Afortunadamente, mi madre era fuerte. Se opuso a ellos y le puso fin al compromiso matrimonial.

Luego, a altas horas de la noche, diez hombres armados llegaron a nuestra casa y nos amenazaron. El hombre le dijo a mi madre: “Me llevaré a su hija, ya sea que usted esté viva o muerta”. Ella respondió: “Solamente se llevará a mi hija sobre mi cadáver”. El hombre intentó convencerme de que me casara con él, prometiendo cuidarme y comprarme ropa.

Nuestros vecinos oyeron el ataque y llegaron a rescatarnos. Uno de ellos fue herido de un disparo al intentar ayudarnos. Los hombres exigieron que les repusiéramos el costo del anillo, 5000 liras turcas. Un vecino le prestó el dinero a mi madre, una deuda que aún está pagando.

Después de recibir el dinero, los hombres se fueron y, afortunadamente, no hemos vuelto a verlos desde entonces.

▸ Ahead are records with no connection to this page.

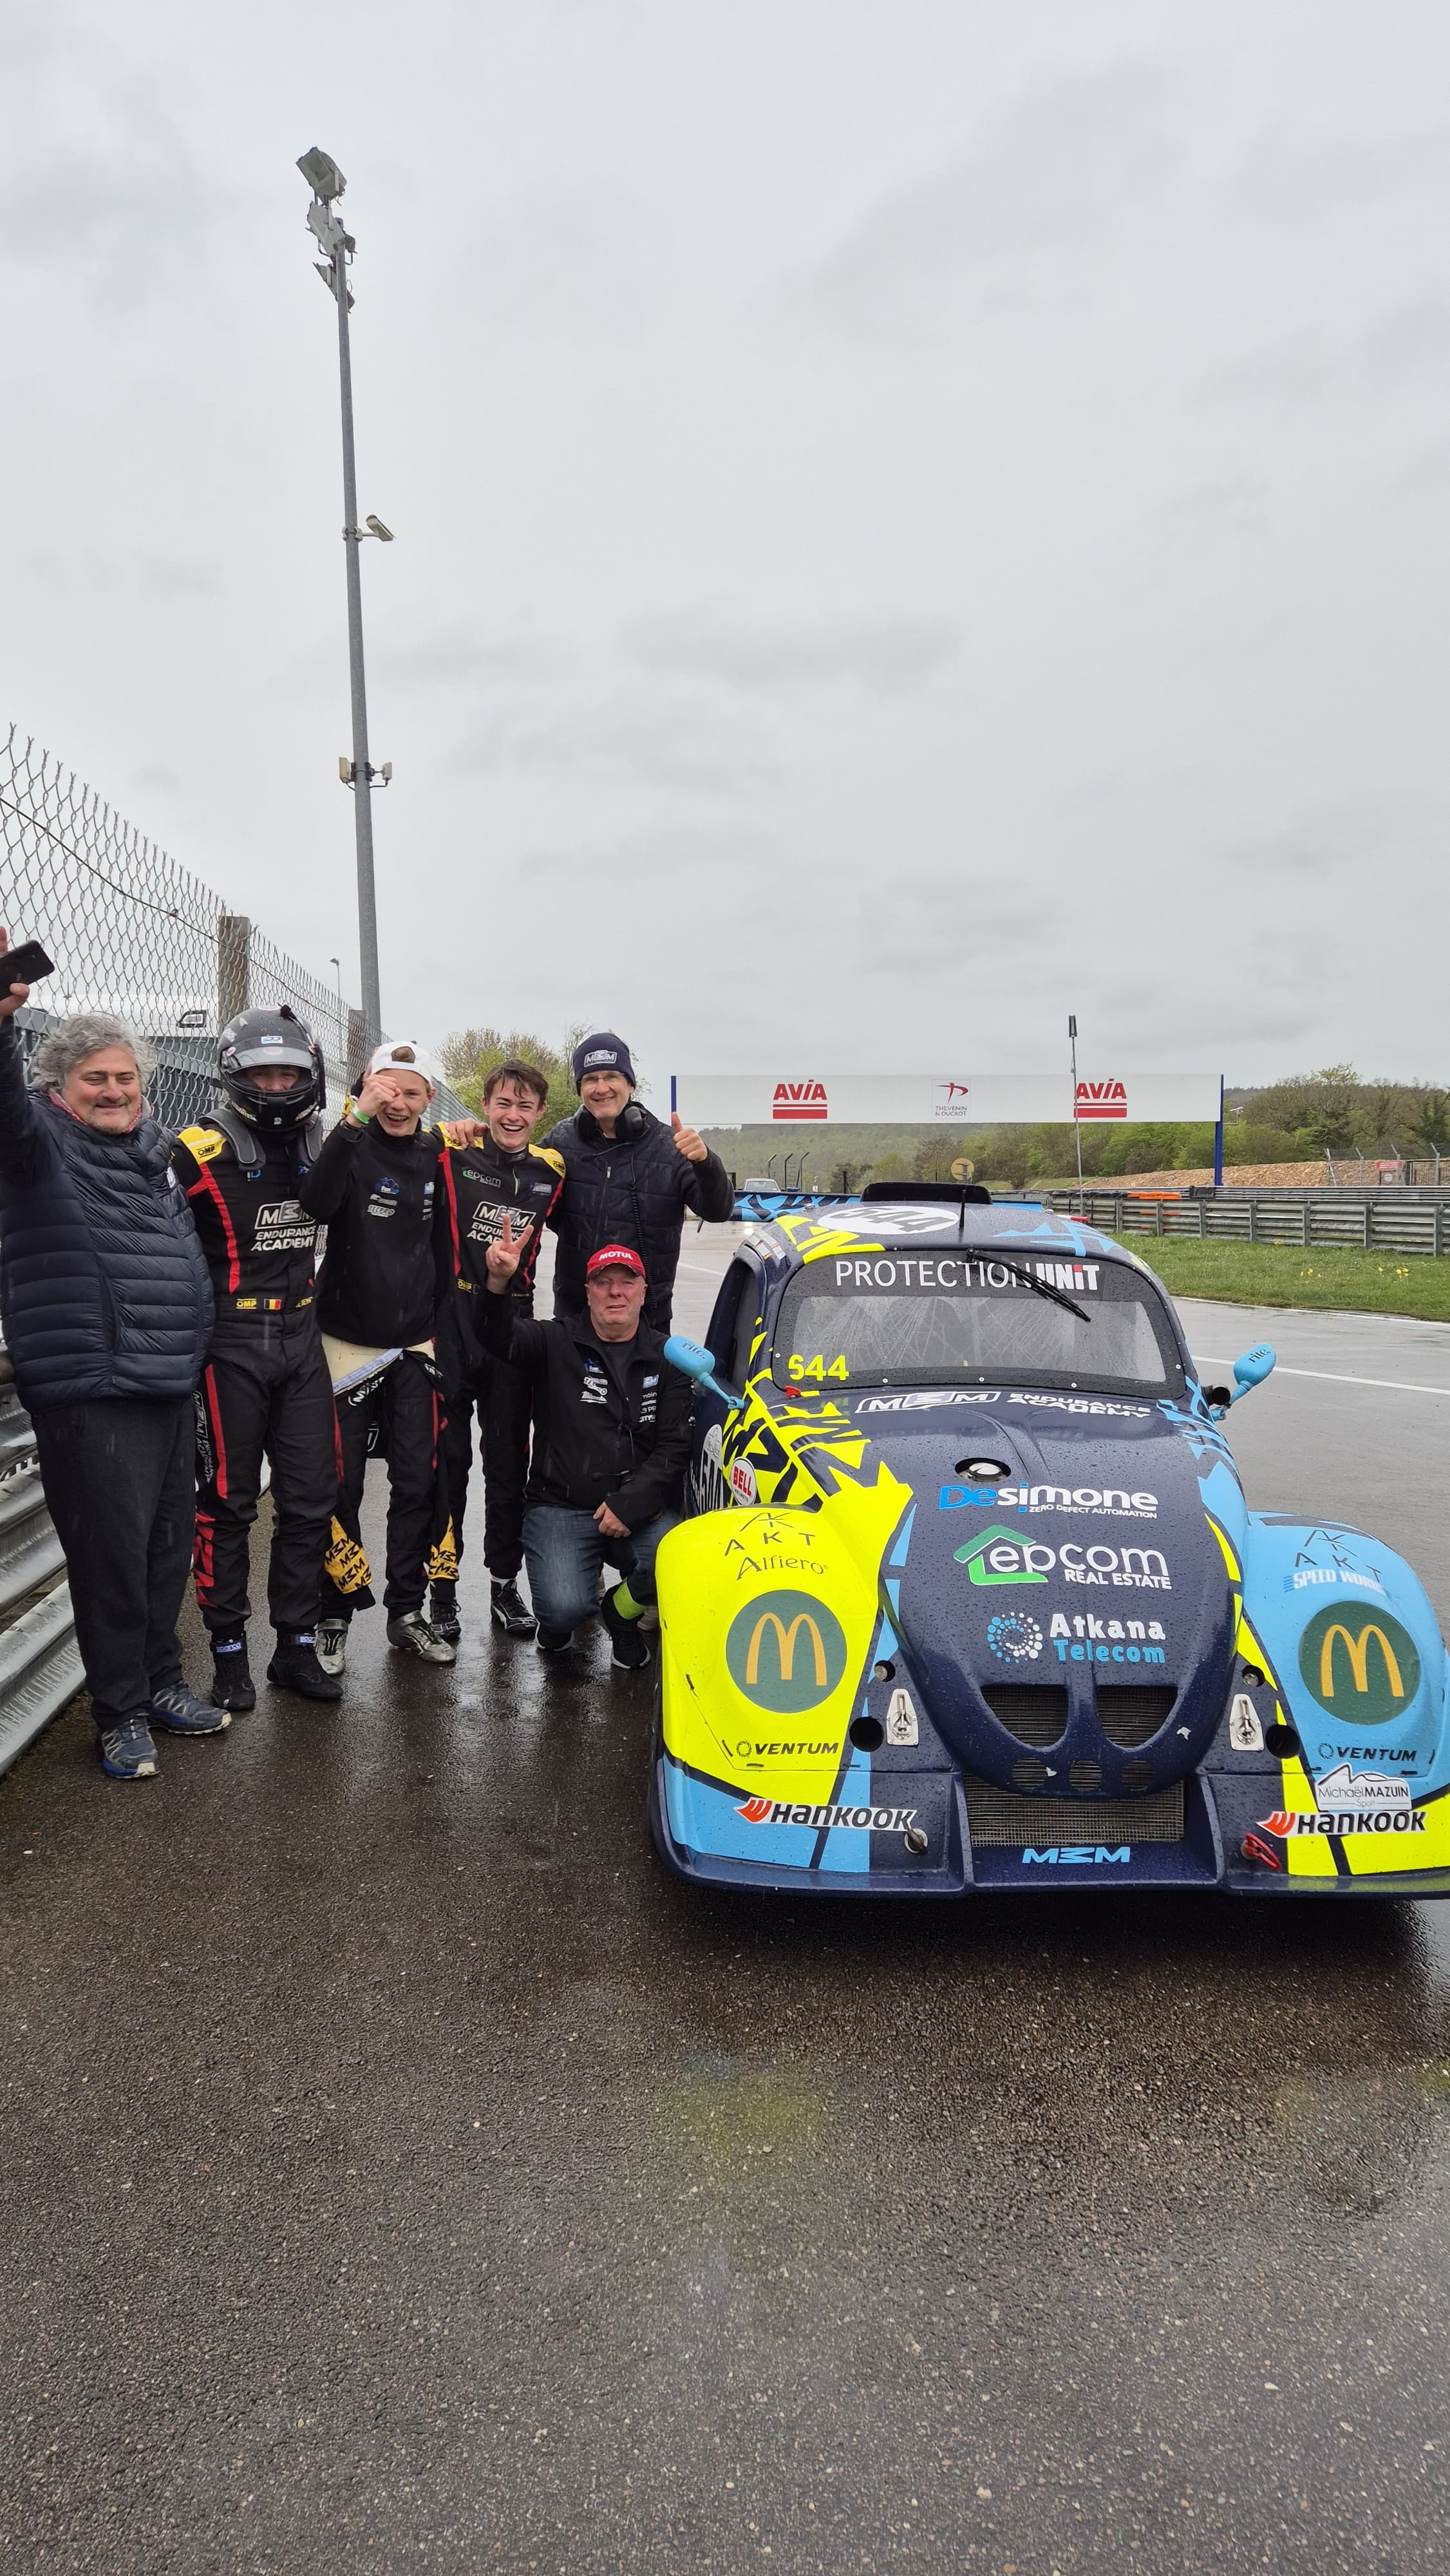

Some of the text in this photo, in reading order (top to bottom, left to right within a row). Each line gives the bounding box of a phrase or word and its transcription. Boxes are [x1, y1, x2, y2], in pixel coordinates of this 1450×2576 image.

[198, 1146, 216, 1156] OMP
[598, 1251, 634, 1261] MOTUL
[836, 1260, 1032, 1288] PROTECTION
[236, 1300, 257, 1308] OMP
[1006, 1398, 1151, 1418] ACADEMY
[1010, 1393, 1152, 1413] ENDURANCE
[732, 1465, 752, 1497] BELL
[939, 1482, 1159, 1511] Desimone
[1028, 1504, 1158, 1519] ZERO DEFECT AUTOMATION
[989, 1543, 1169, 1577] epcom
[1064, 1568, 1172, 1590] REAL ESTATE
[1294, 1569, 1337, 1589] SPEED
[1050, 1613, 1166, 1640] Atkana
[1053, 1639, 1165, 1663] Telecom
[755, 1742, 840, 1755] VENTUM
[1336, 1746, 1417, 1761] VENTUM
[1356, 1799, 1376, 1809] Sport

Ahora estoy en el octavo grado y me gusta mucho la escuela. Es importante para mí alcanzar mi sueño de convertirme en actriz de televisión, aunque mi madre quiere que sea médica.

Pude permanecer en la escuela porque tengo una beca de Mavi Kalem. Ya no tengo que hacer ropa para ganar dinero y pagar mi educación. Ahora, puedo centrarme en mis clases. Estoy feliz de haber dejado atrás el pasado y de trabajar para lograr el futuro que elija.